§ PROBLEM STATEMENT
Leaving out any pictures, transcribe every record exactly.

§ INPUT MATERIAL
++++++++++
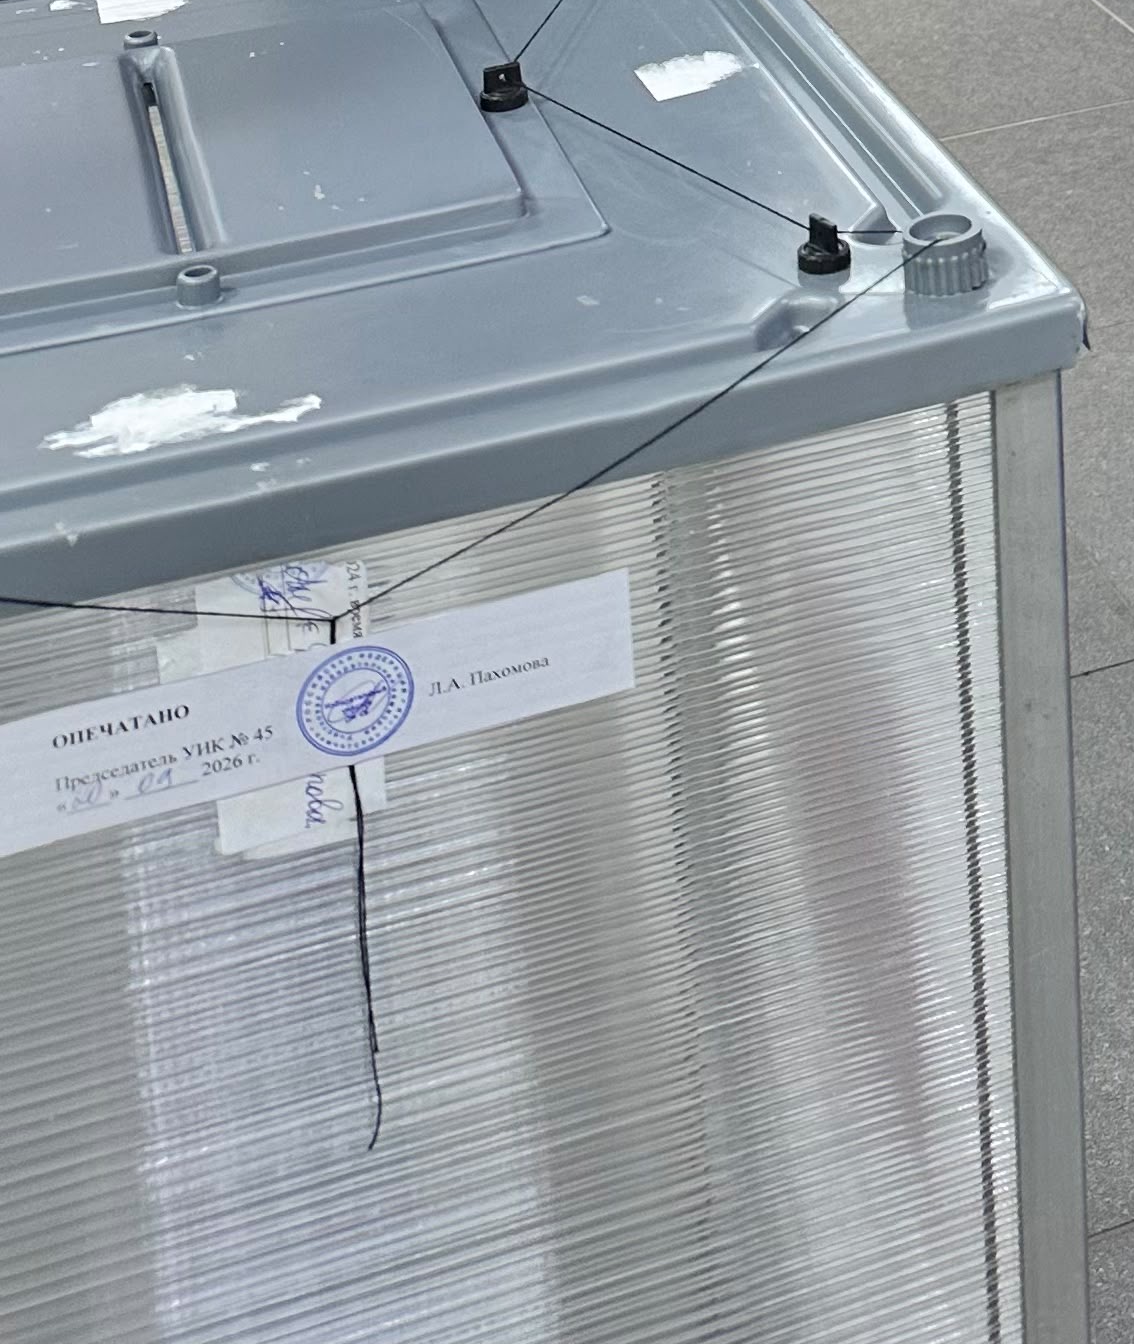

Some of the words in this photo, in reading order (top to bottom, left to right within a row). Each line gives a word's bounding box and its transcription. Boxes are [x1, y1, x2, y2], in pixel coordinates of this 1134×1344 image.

[429, 678, 465, 696] Л.А.
[470, 657, 549, 686] Пахомова
[52, 704, 190, 749] ОПЕЧАТАНО
[55, 754, 177, 793] Председатель
[182, 737, 226, 760] УИК
[228, 732, 250, 750] №
[253, 725, 274, 742] 45
[202, 753, 243, 777] 2026
[247, 752, 261, 765] г.
++++++++++
§ RESULT OF THE EXERCISE
Some of the words in this photo, in reading order (top to bottom, left to right within a row). Each line gives a word's bounding box and its transcription. Boxes are [x1, y1, x2, y2], in pixel coordinates of this 1134×1344 image.

[429, 678, 465, 696] Л.А.
[470, 657, 549, 686] Пахомова
[52, 704, 190, 749] ОПЕЧАТАНО
[55, 754, 177, 793] Председатель
[182, 737, 226, 760] УИК
[228, 732, 250, 750] №
[253, 725, 274, 742] 45
[202, 753, 243, 777] 2026
[247, 752, 261, 765] г.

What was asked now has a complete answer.